The loop is the core IP—the system that ingests signals, digests them into model improvements, and produces better outcomes. When you're "in a lane," you hand off work to the next function. When you're "in the loop," you own the entire cycle and care about how every piece connects.
This emerges from a simple reality: with AI changing so fast (500+ models released per week), organizations with 500+ touchpoints to ship a product can't keep up. The loop-focused approach compresses this dramatically.
How It Works
The Lane Model (Traditional):
PM → Design → Engineering → Data → QA → Launch
- Clear handoffs between functions
- Specialists go deep in their area
- Communication overhead at each transition
- Sequential decision-making
The Loop Model (AI Era):
Signals → Rewards Design → Outcomes → Signals
↑__________________________|
- One person or small team owns the full cycle
- Functions blur together
- Parallel learning instead of sequential handoffs
- Continuous improvement embedded in process
What the Loop Requires:
- Signals understanding - What data are we capturing? What signals indicate success?
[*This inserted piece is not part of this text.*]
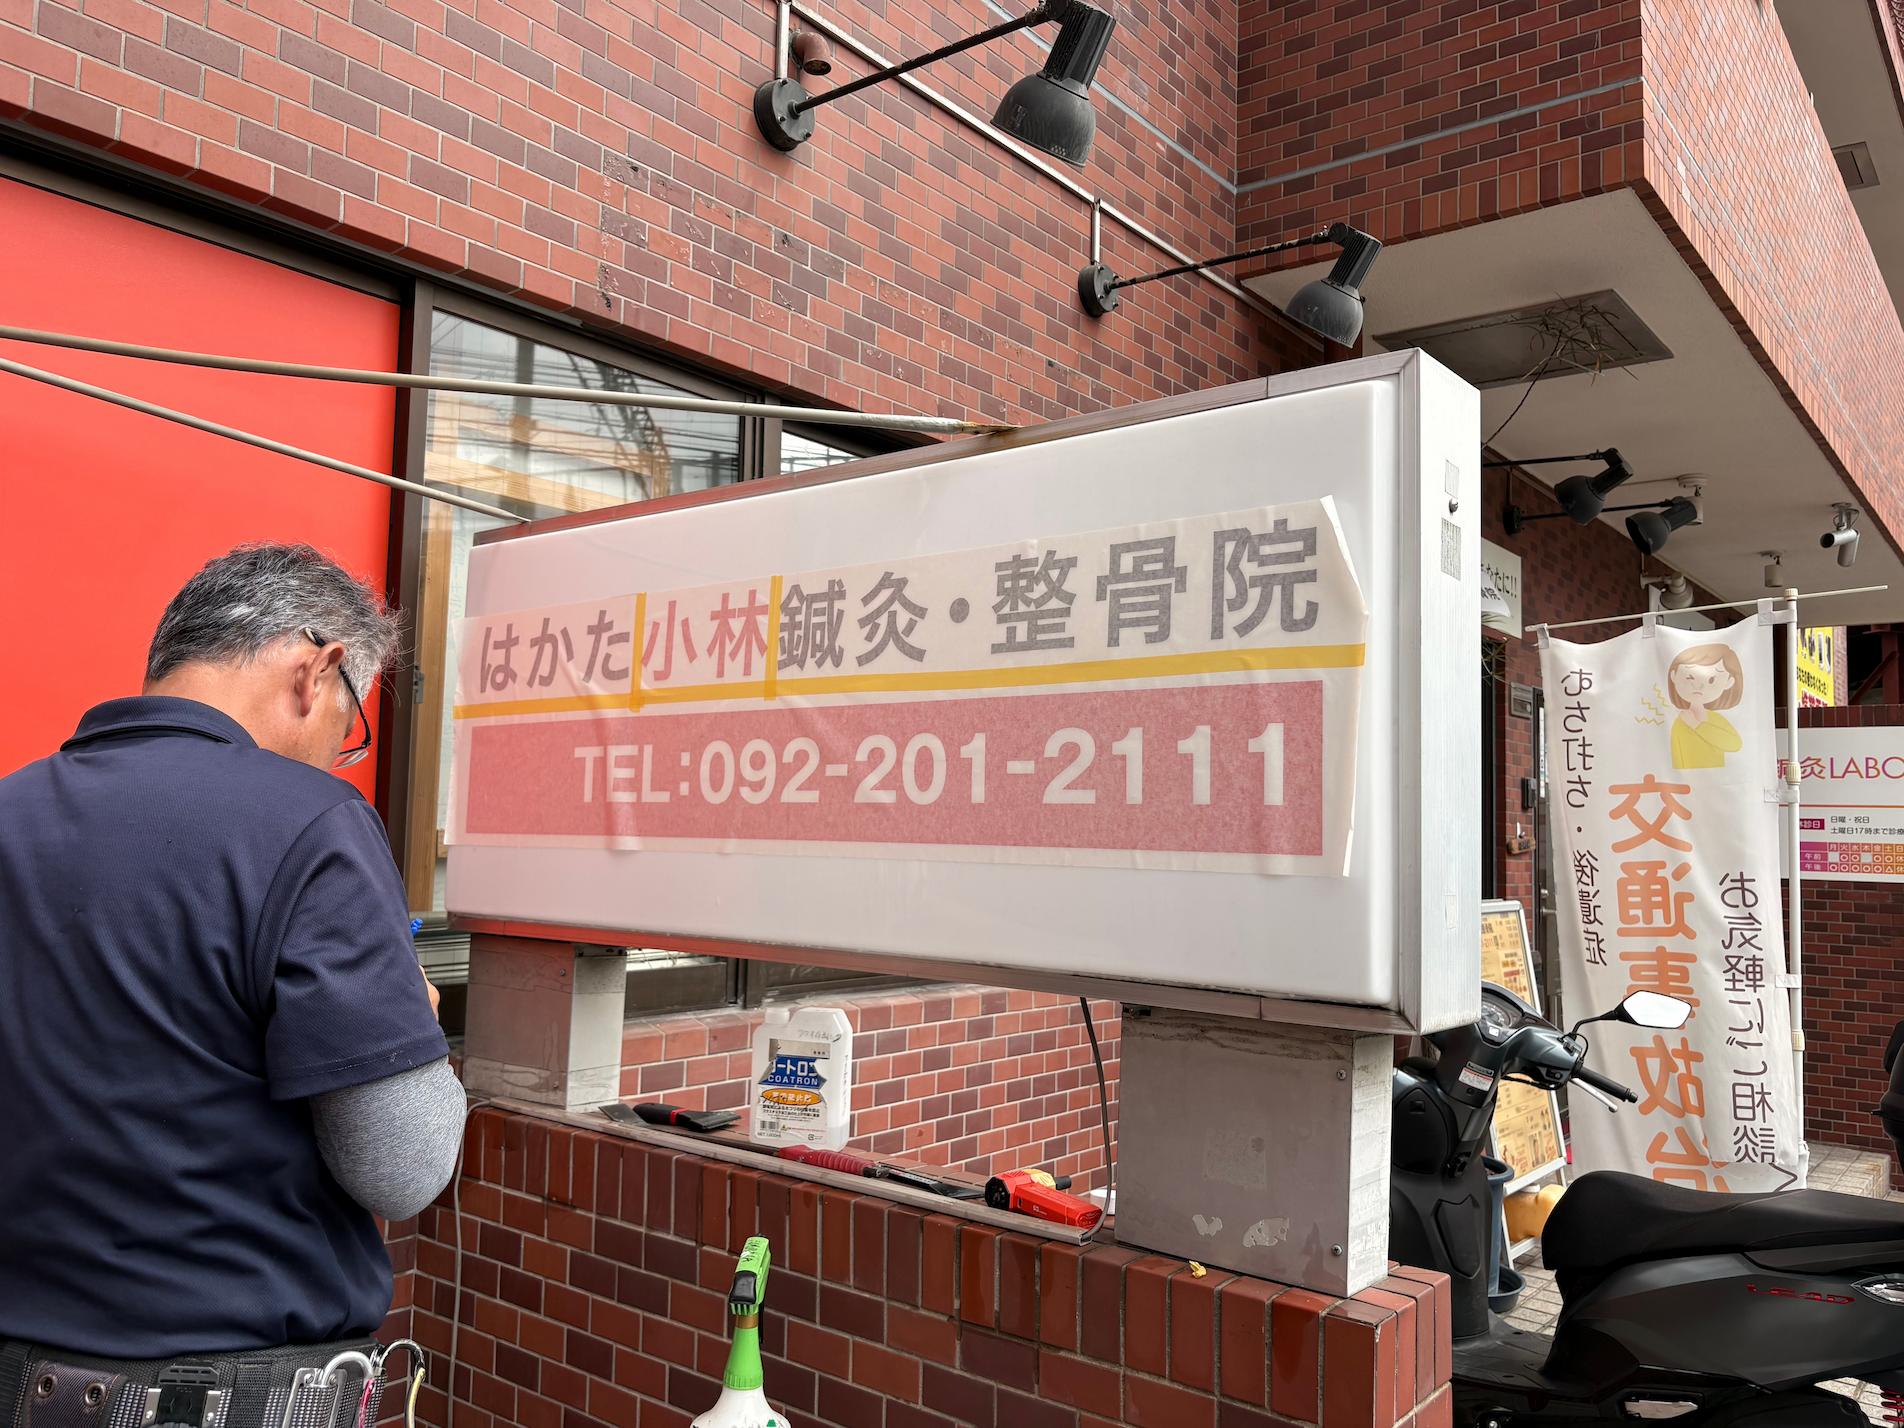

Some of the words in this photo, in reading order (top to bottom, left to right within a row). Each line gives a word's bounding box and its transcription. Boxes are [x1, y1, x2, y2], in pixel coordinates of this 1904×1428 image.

- Rewards/system design - How do we tune the model? What are we optimizing for?
- Efficiency/cost awareness - What's the cost of the product? How do we improve economics?
- UI/UX thinking - How does this manifest for users and agents?
How to Apply It
Expand your skill set - If you're a PM, learn to understand model costs and basic fine-tuning. If you're an engineer, understand user outcomes and business metrics.
Stay in the loop - Don't hand off and forget. Follow your work through the entire cycle. What happened after that feature shipped? What signals did it generate?
Make observability cultural - "Feedback becomes continuous and observability becomes the culture." If you can't see the loop, you can't optimize it.
Question handoffs - Every handoff is a place where loop velocity slows. Ask: "Can one person or small team own more of this?"
Hire for loop capability - The "advent of the polymath" means hiring people who can operate across the loop, not just specialists.
When to Use It
- When building AI-powered products where the feedback loop IS the product
- When organizational complexity is slowing your iteration speed
- When evaluating team structure in fast-moving environments
- When developing your own skills for the AI era
- When hiring for product or engineering roles
Source
- Guest: Asha Sharma
- Episode: "How 80,000 companies build with AI: Products as organisms and the death of org charts"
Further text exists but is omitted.